No digo que aprender matemáticas, historia, geografía, entre otras materias, no resulte de importancia para el alumno, pero sin las herramientas mencionadas, estos aprendizajes estarían simplemente archivados sin posibilidad de ser usados. Son aquellos “aprendizajes y pensamientos visibles” (denominados de este modo por la neurociencia), los que nos dan las herramientas para comprender, razonar y utilizar los conocimientos obtenidos por la información que está al alcance de nuestra mano. No sabemos cuál será el trabajo del futuro, pero sí sabemos que sea cual sea ese trabajo, se va a realizar en comunidad y para con otros. Humanicemos el currículum, no tengamos miedo de “salir de las estructuras”, de no llegar al contenido y enfoquémonos en la profundidad y en lo logrado por cada alumno.
Volvamos a la presencialidad. Utilicemos los aprendizajes de este último tiempo y que esto sea el principio de un proceso de repensarnos, transformarnos y evolucionar. Reflexionemos en cómo creamos la escuela a lo largo de la historia y preguntémonos cómo queremos hacer escuela en el futuro y, por, sobre todo, en el presente. Tomar lo que funcionó y transformar aquello que no.
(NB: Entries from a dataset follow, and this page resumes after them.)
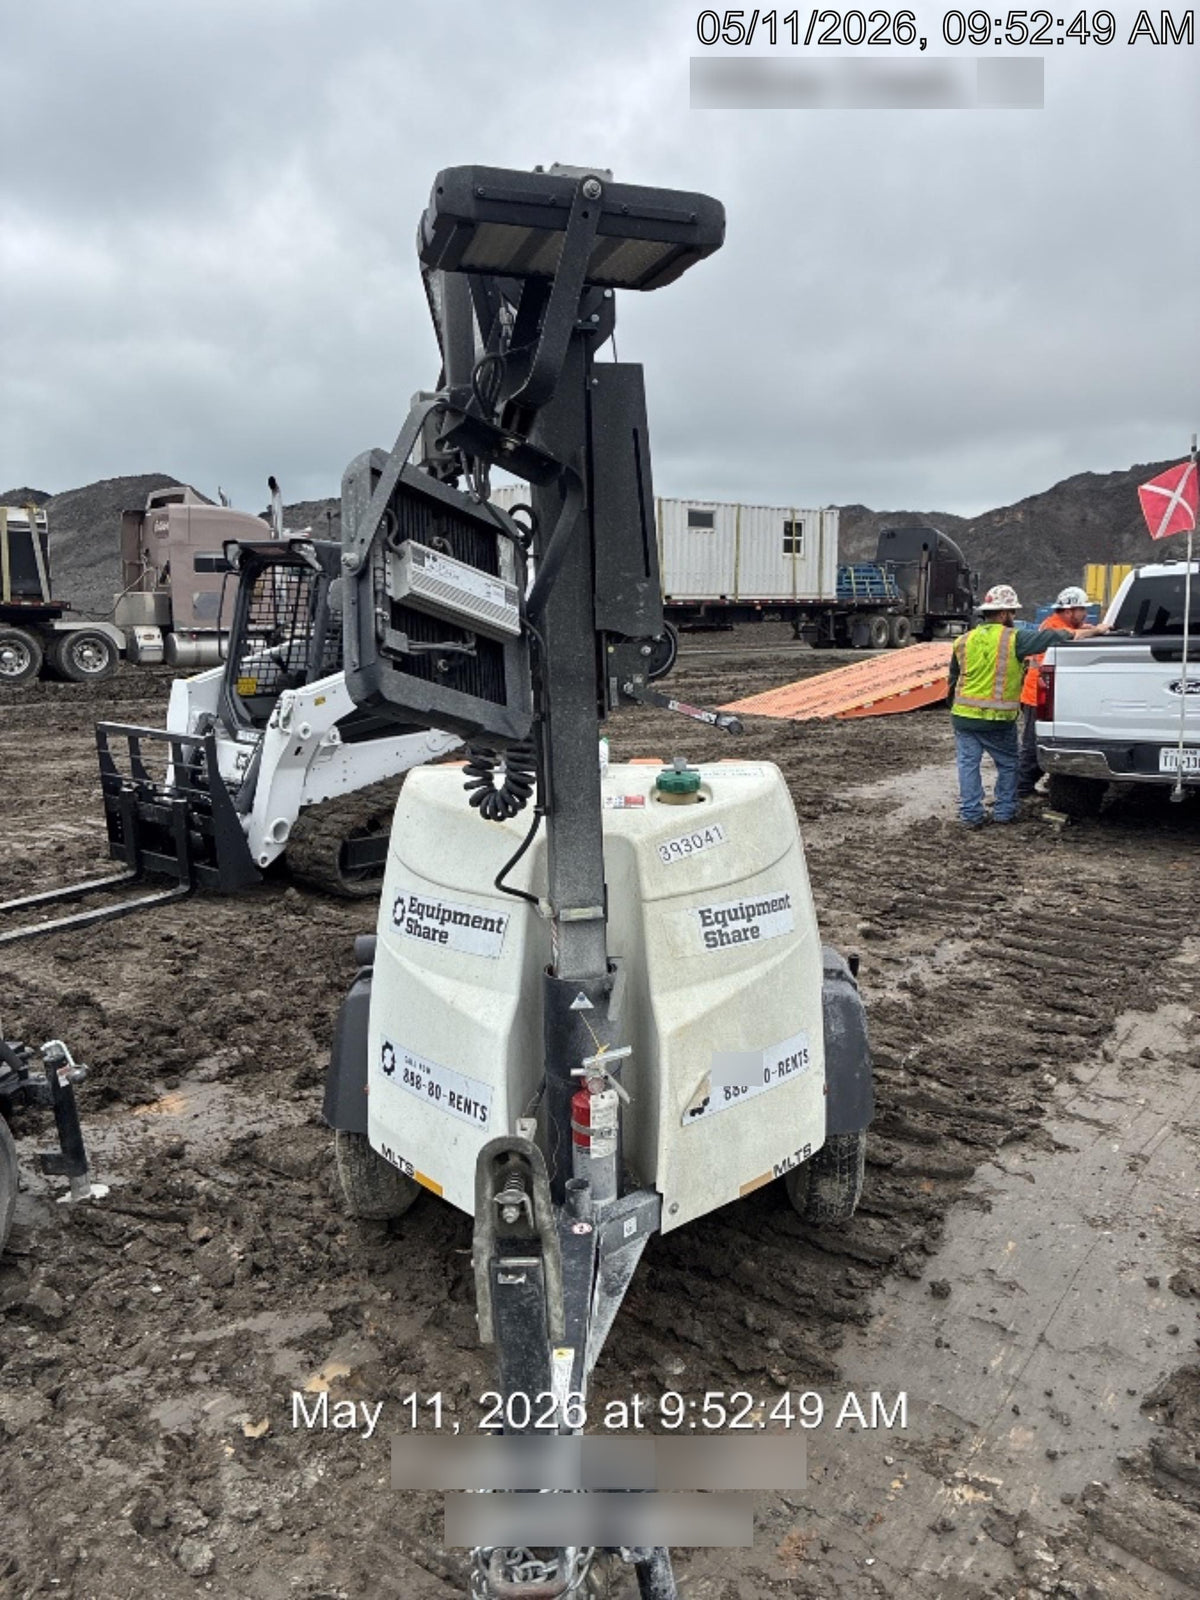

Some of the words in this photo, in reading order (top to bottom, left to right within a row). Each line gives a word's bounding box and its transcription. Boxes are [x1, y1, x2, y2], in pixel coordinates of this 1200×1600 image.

[659, 825, 723, 861] 393041
[408, 896, 505, 934] Equipment
[698, 893, 792, 928] Equipment
[405, 917, 449, 944] Share
[703, 925, 760, 949] Share
Volvamos a una escuela en donde se aprenda de y con todos, donde prime la adaptación y flexibilidad y la mirada a cada individuo como único y como protagonista de su aprendizaje. Una escuela que acompañe, con respeto, los procesos de aprendizaje, los intereses, motivaciones y la falta de estos. Que volver a la “normalidad” sea volver a la presencialidad y no a la escuela de antes.